Micro-simulation travel demand and land use models require a synthetic population, which consists of a set of agents characterized by demographic and socio-economic attributes. Two main families of population synthesis techniques can be distinguished: (a) fitting methods (iterative proportional fitting, updating) and (b) combinatorial optimization methods. During the last few years, a third outperforming family of population synthesis procedures has emerged, i.e., Markov process-based methods such as Monte Carlo Markov Chain (MCMC) simulations. In this paper, an extended Hidden Markov Model (HMM)-based approach is presented, which can serve as a better alternative than the existing methods.
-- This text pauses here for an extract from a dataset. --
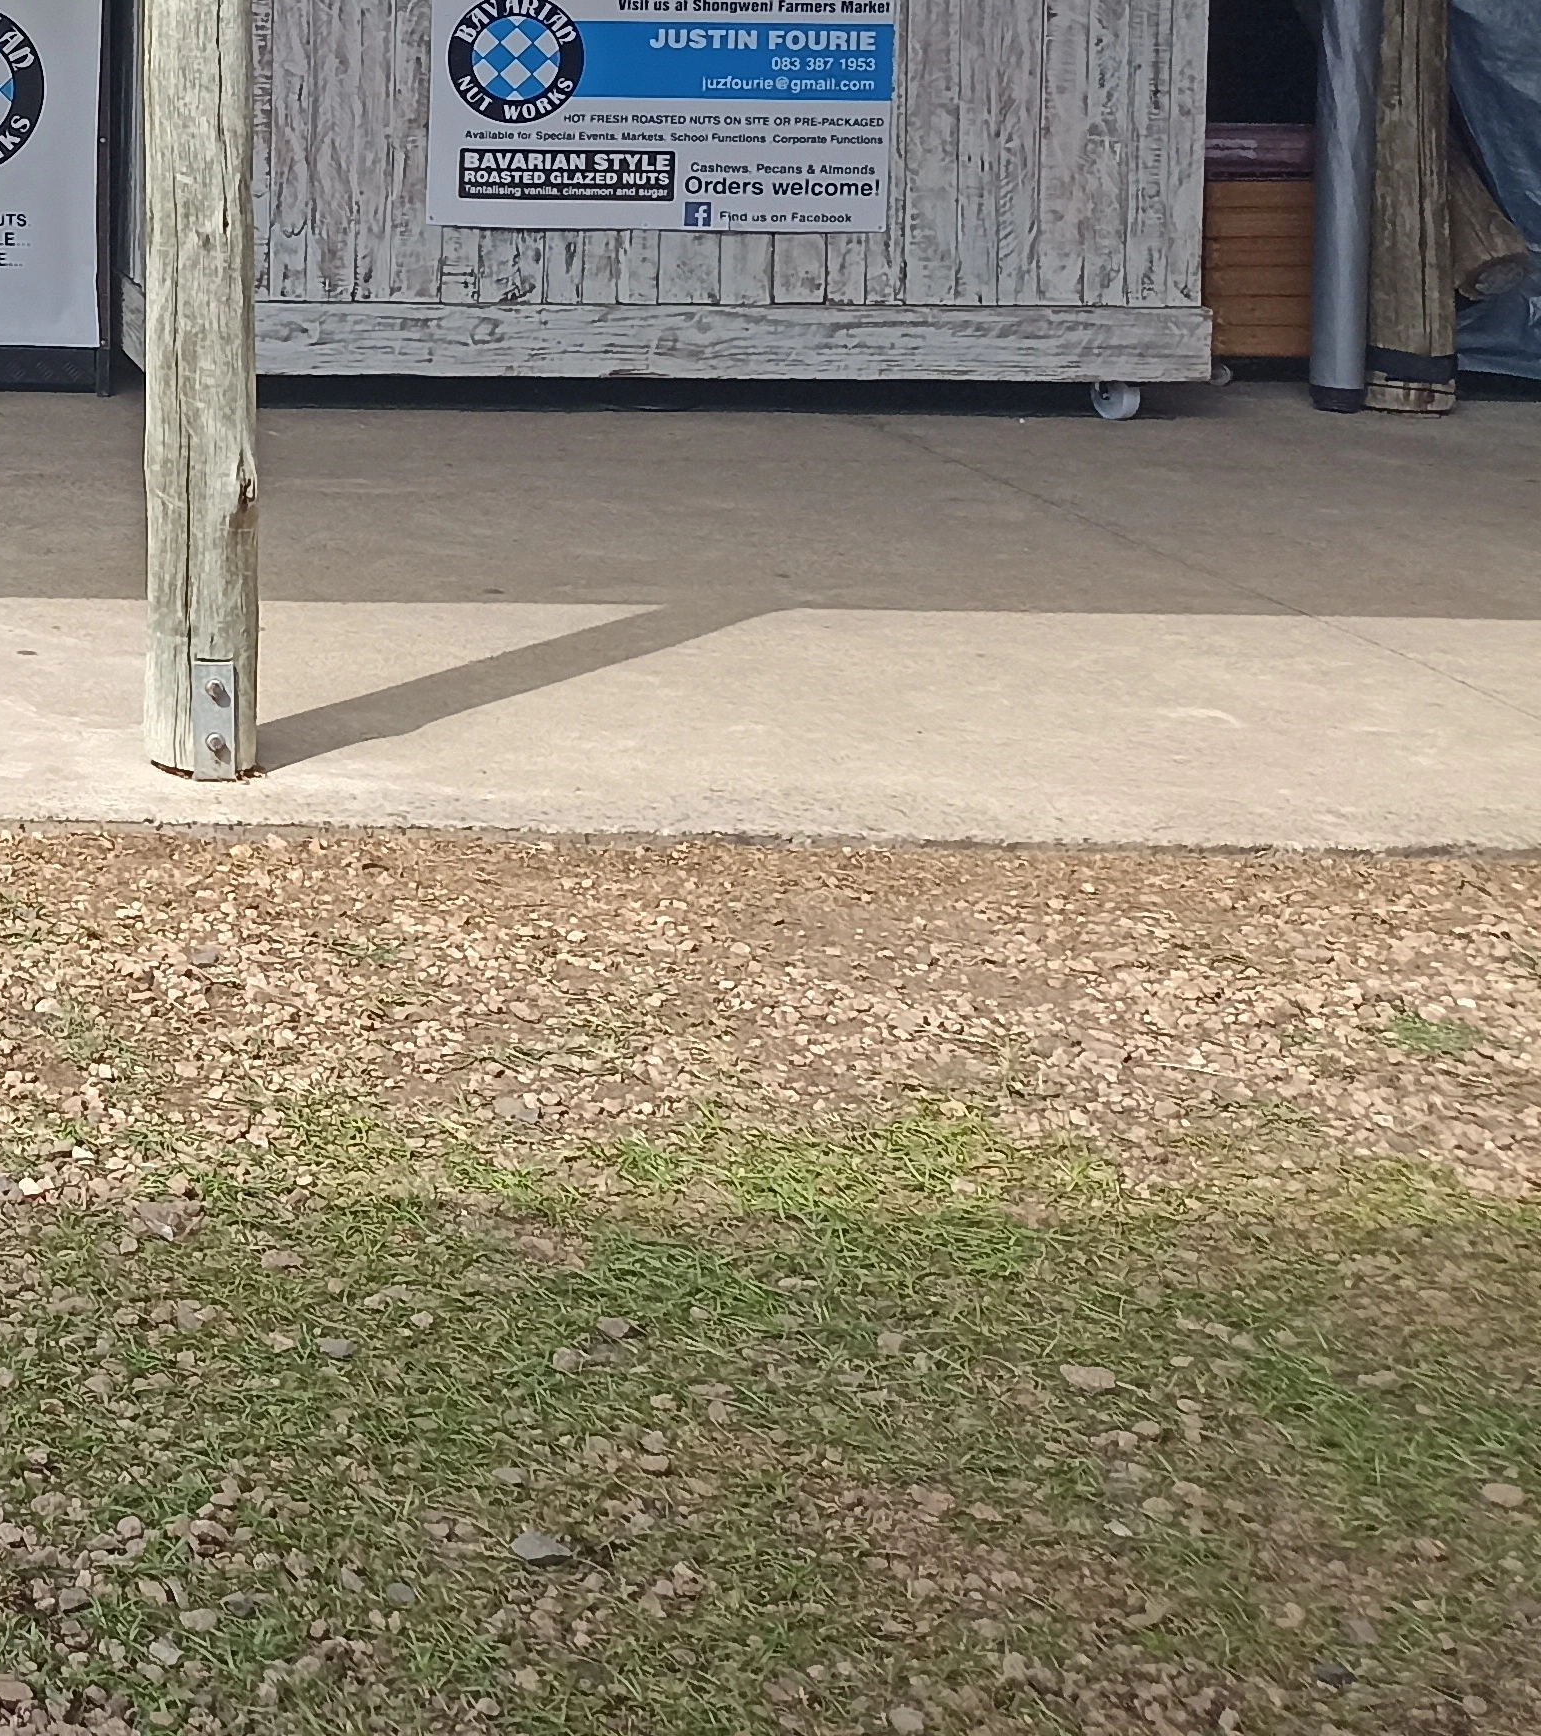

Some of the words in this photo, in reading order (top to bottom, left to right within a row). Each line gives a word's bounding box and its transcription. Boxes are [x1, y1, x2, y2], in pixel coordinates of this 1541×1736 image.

The approach is characterized by a great flexibility and efficiency in terms of data preparation and model training. The HMM is able to reproduce the structural configuration of a given population from an unlimited number of micro-samples and a marginal distribution. Only one marginal distribution of the considered population can be used as a boundary condition to “guide” the synthesis of the whole population. Model training and testing are performed using the Survey on the Workforce of 2013 and the Belgian National Household Travel Survey of 2010. Results indicate that the HMM method captures the complete heterogeneity of the micro-data contrary to standard fitting approaches. The method provides accurate results as it is able to reproduce the marginal distributions and their corresponding multivariate joint distributions with an acceptable error rate (i.e., SRSME=0.54 for 6 synthesized attributes). Furthermore, the HMM outperforms IPF for small sample sizes, even though the amount of input data is less than that for IPF. Finally, simulations show that the HMM can merge information provided by multiple data sources to allow good population estimates.

Suggested Citation

  • Saadi, Ismaïl & Mustafa, Ahmed & Teller, Jacques & Farooq, Bilal & Cools, Mario, 2016. "Hidden Markov Model-based population synthesis," Transportation Research Part B: Methodological, Elsevier, vol. 90(C), pages 1-21.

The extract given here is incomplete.